La escena de Sound Systems en Cardiff, Gales. A través de testimonios de pioneros, activistas e historiadores, la pieza revela cómo estos colectivos de música reggae se convirtieron en espacios de identidad, resistencia y comunidad para jóvenes negros en un entorno marcado por la exclusión, el racismo y la falta de apoyo institucional. 

En las décadas de 1970 y 1980, Cardiff albergaría una escena única de Sound Systems de reggae que funcionó como un refugio cultural ante el racismo y la marginación social que padecían jóvenes de la comunidad negra. Con pioneros como Lawrence “Tylo” Taylor y Andrew “Bingham” Binns, estos sound systems surgieron como respuesta creativa a un entorno hostil donde la juventud afrocaribeña era maltratada, excluida y estigmatizada. Estas plataformas ofrecían no solo música, sino también solidaridad y un sentido de pertenencia en tiempos de aislamiento social profundo. 


El primer Sound System en Cardiff, Black International, allanó el camino para otras agrupaciones como Conqueror Hi Power y Countryman, fundadas por Gilbert Anthony Watt y otros entusiastas locales. A pesar de la escasez de recursos como salas de ensayo, tiendas de discos o medios de difusión, estos equipos prosperaron. Sus integrantes usaban altavoces propios y recorrían ciudades del Reino Unido para enfrentar a otros sound systems, contribuyendo a una red cultural de reggae que desafiaba los límites geográficos y sociales. 

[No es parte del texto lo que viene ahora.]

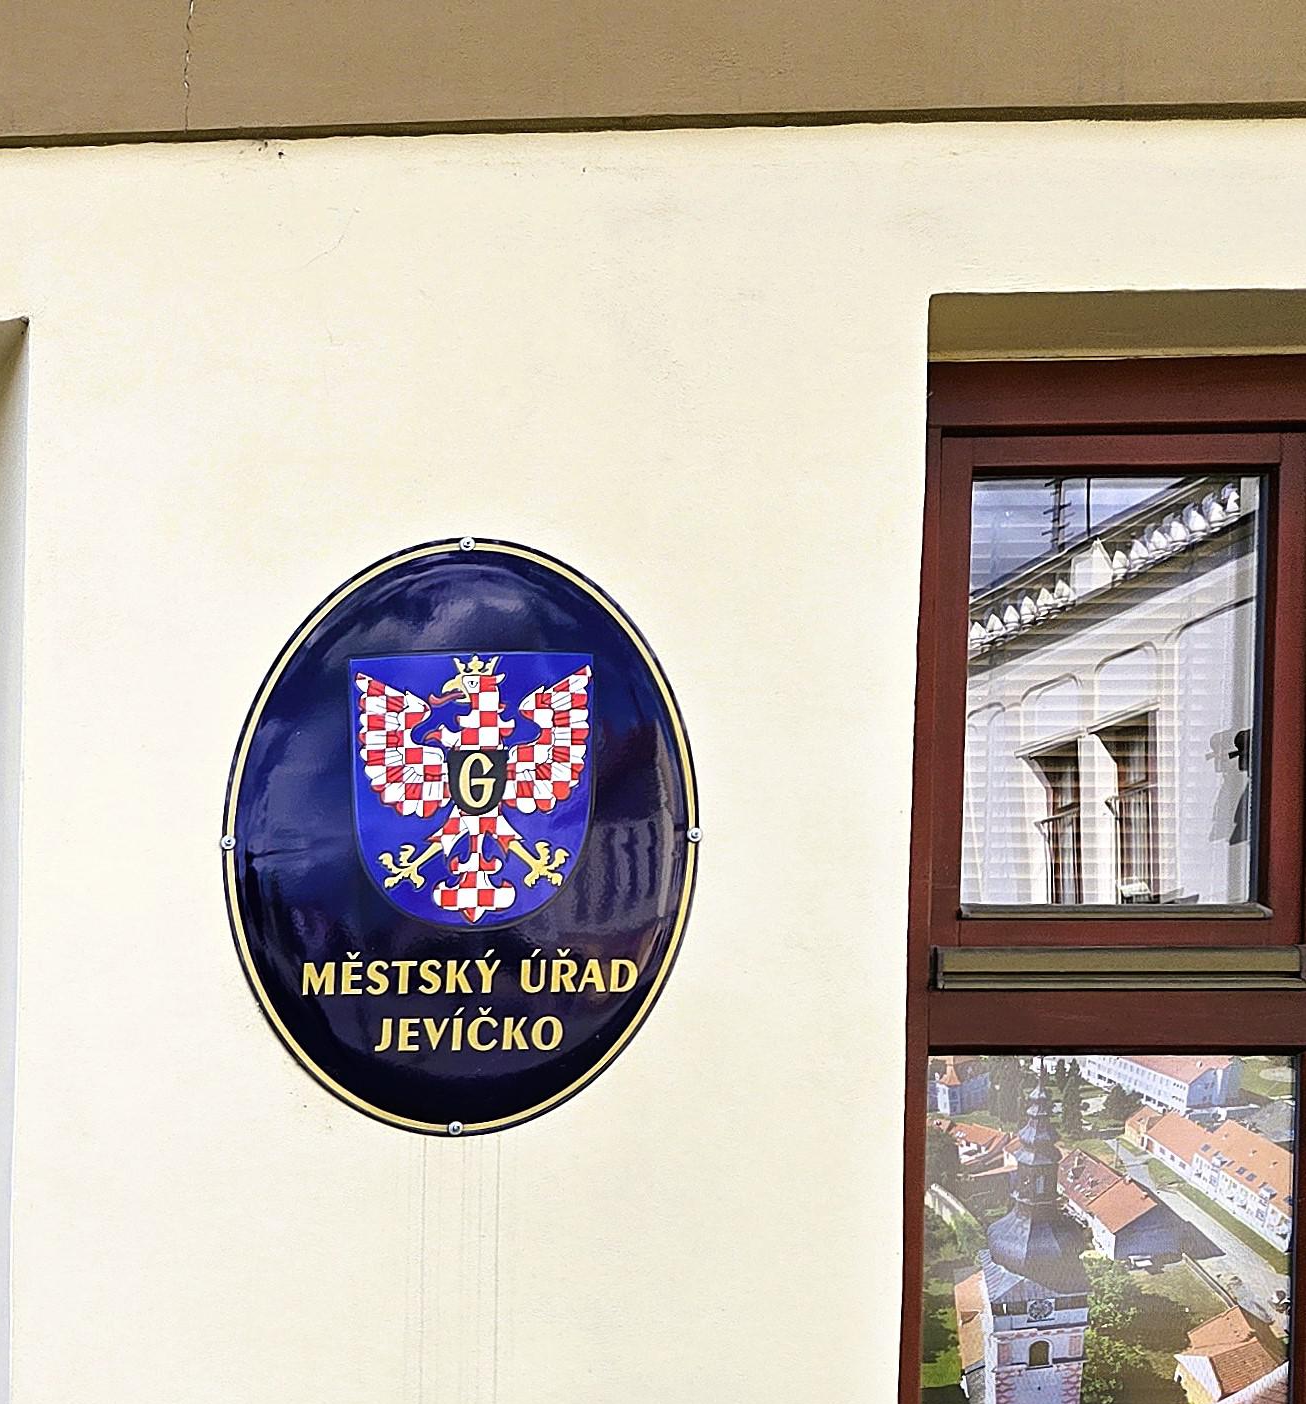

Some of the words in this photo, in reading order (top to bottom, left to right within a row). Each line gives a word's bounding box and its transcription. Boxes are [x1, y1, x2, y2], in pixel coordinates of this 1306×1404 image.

[458, 751, 495, 809] G
[301, 950, 502, 996] MĚSTSKÝ
[519, 949, 639, 994] ÚŘAD
[374, 1008, 564, 1052] JEVÍČKO
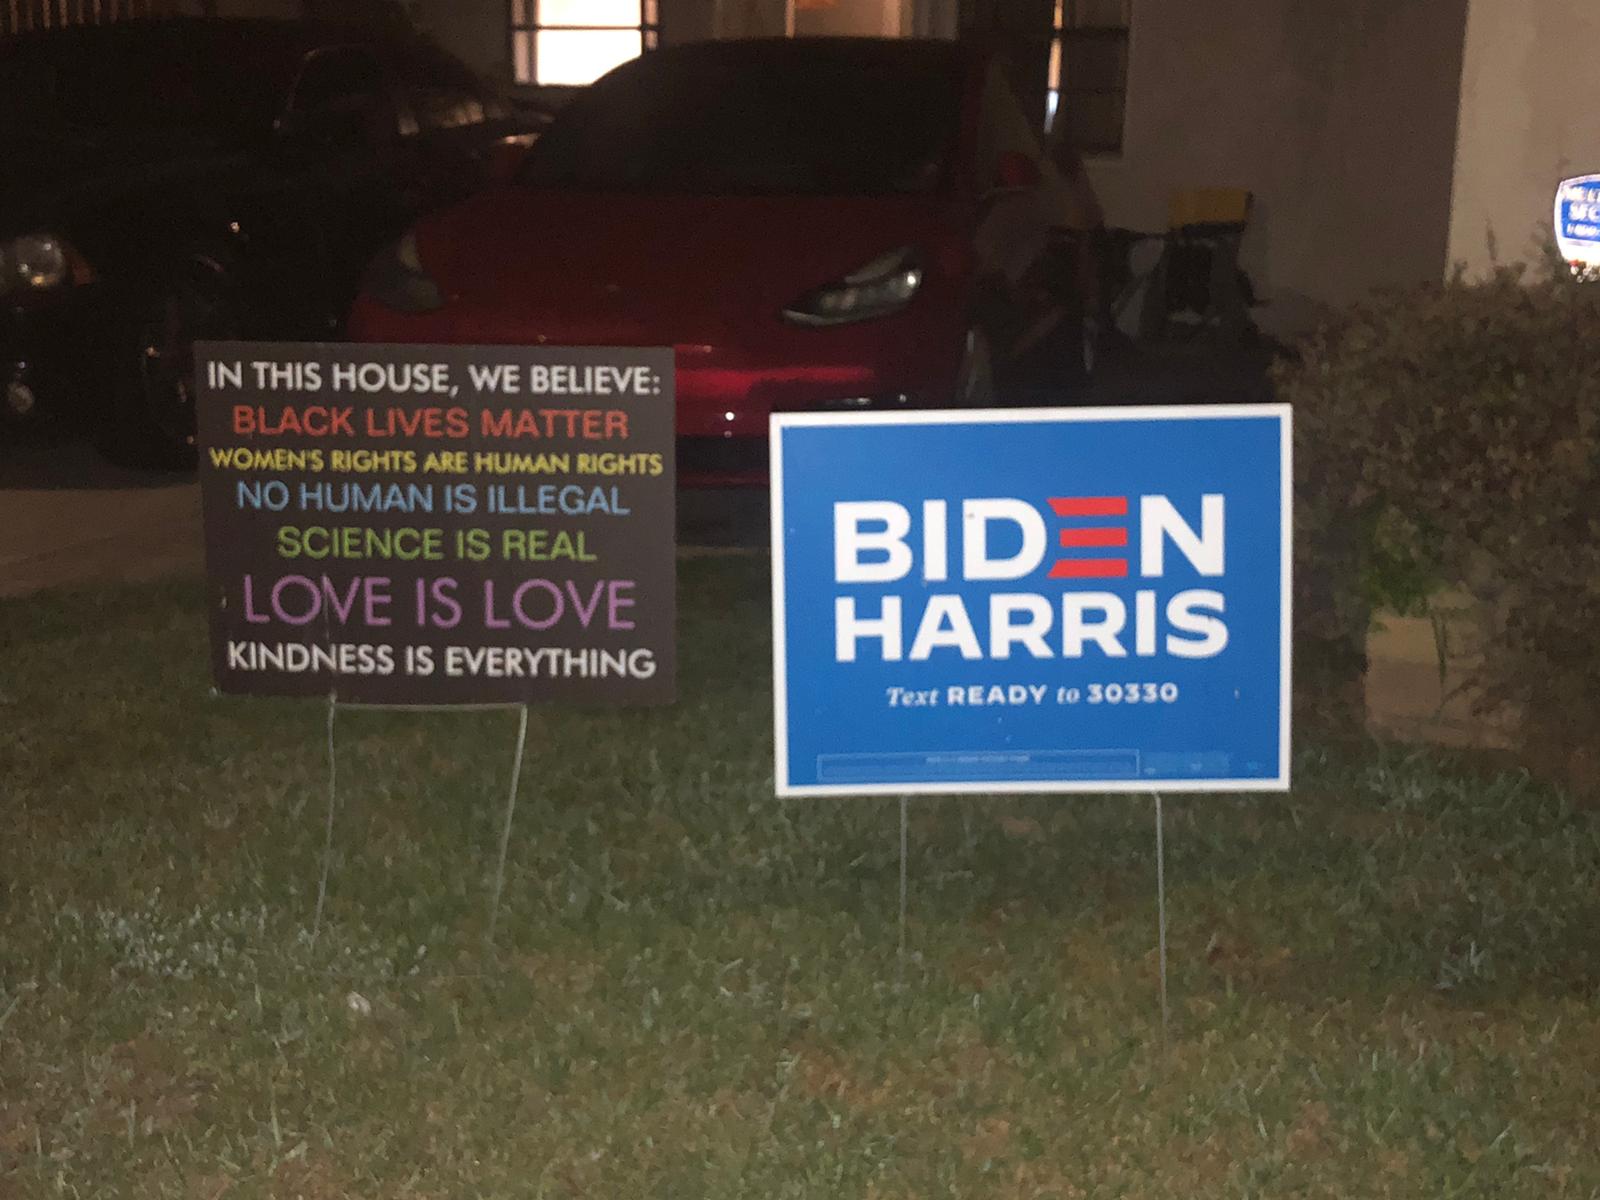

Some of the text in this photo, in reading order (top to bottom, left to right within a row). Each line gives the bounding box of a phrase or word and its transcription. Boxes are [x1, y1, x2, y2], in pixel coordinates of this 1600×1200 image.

[208, 361, 660, 397] IN THIS HOUSE, WE BELIEVE:
[233, 405, 629, 439] BLACK LIVES MATTER
[209, 447, 663, 476] WOMEN'S RIGHTS ARE HUMAN RIGHTS
[237, 480, 630, 515] NO HUMAN IS ILLEGAL
[278, 526, 598, 562] SCIENCE IS REAL
[833, 494, 1225, 583] BIDEN
[244, 574, 636, 630] LOVE IS LOVE
[835, 589, 1229, 662] HARRIS
[228, 641, 656, 679] KINDNESS IS EVERYTHING
[886, 682, 1178, 707] Text READY to 30330

En ausencia de infraestructuras formales, los sound systems asumieron la función de generadores de comunidad y encuentro social. A través de fiestas, presentaciones y participación en eventos como el carnaval de Butetown, estos colectivos se consolidaron como epicentros culturales que congregaban a miles de personas. La música reggae, con sus ritmos y mensajes de resistencia, ofrecía un lenguaje común para quienes se sentían apartados de la sociedad mayoritaria, transformando espacios marginales en territorios de celebración cultural compartida. 

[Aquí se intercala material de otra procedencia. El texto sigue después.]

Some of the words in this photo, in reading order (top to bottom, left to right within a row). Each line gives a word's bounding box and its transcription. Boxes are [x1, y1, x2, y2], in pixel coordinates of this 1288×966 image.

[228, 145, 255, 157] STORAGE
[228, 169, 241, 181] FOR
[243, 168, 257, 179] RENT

La intensa competencia entre sound systems como Countryman y Conqueror potenció la creatividad y la habilidad técnica de sus operadores. Estas rivalidades no solo estimulaban la innovación en el armado de equipos de sonido y la selección musical, sino también la solidaridad dentro de las comunidades reggae. Incluso en eventos donde rivalidades escalaban, la música prevalecía como un acto de afirmación cultural. Este dinamismo contribuyó a consolidar la escena como una fuerza significativa dentro de la cultura musical británica de la época. 


Con el paso de los años y el cierre de espacios clave, ha surgido una preocupación creciente por preservar la historia de los sound systems de Cardiff. Historiadores y coleccionistas como Ashish Joshi trabajan en la digitalización y recuperación de grabaciones y material audiovisual para evitar que este legado se pierda. Al mismo tiempo, activistas locales como Yasmin Begum impulsan la visibilización de esta cultura en formatos contemporáneos, usando plataformas digitales para asegurar que estas historias no queden olvidadas. 

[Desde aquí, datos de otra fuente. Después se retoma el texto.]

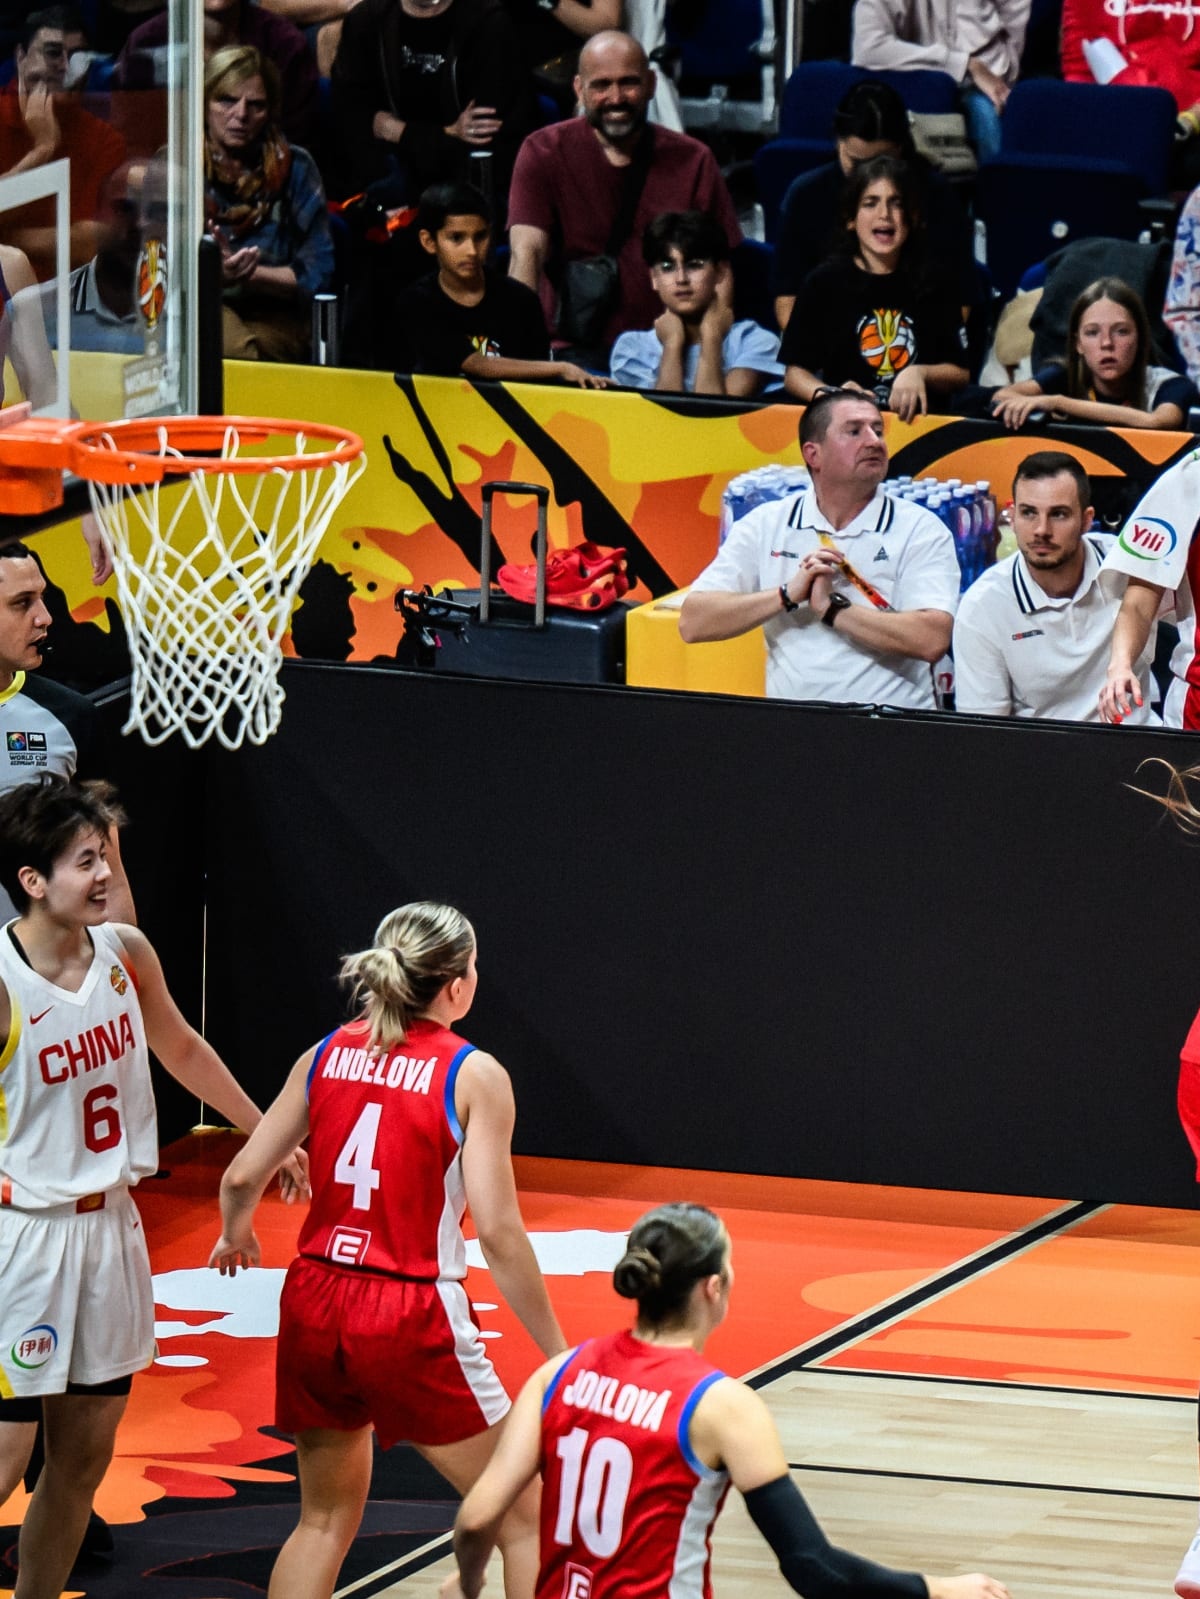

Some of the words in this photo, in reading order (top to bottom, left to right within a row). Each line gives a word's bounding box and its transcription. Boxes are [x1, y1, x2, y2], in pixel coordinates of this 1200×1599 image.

El impacto de la escena de Cardiff trasciende su contexto local ya que artistas que emergieron de este entorno han llegado a tener repercusiones internacionales. Un ejemplo claro es Benji Webbe, quien pasó del grupo local Bismillah a liderar Skindred, una banda que ha alcanzado renombre global en géneros híbridos que mezclan reggae con otros estilos. Esta continuidad demuestra cómo las raíces de una escena underground pueden influir en trayectorias musicales extensas y diversas. 


A pesar de la importancia histórica y cultural del movimiento de sound systems en Cardiff, todavía falta un reconocimiento institucional más amplio y un esfuerzo sistemático por preservar y promover esta tradición. A diferencia de otras formas culturales invertidas con recursos significativos, como la música clásica, los sound systems suelen carecer de apoyo formal. Los defensores de esta cultura abogan por la creación de espacios dedicados, archivos y programas de financiamiento que validen y perpetúen este patrimonio musical.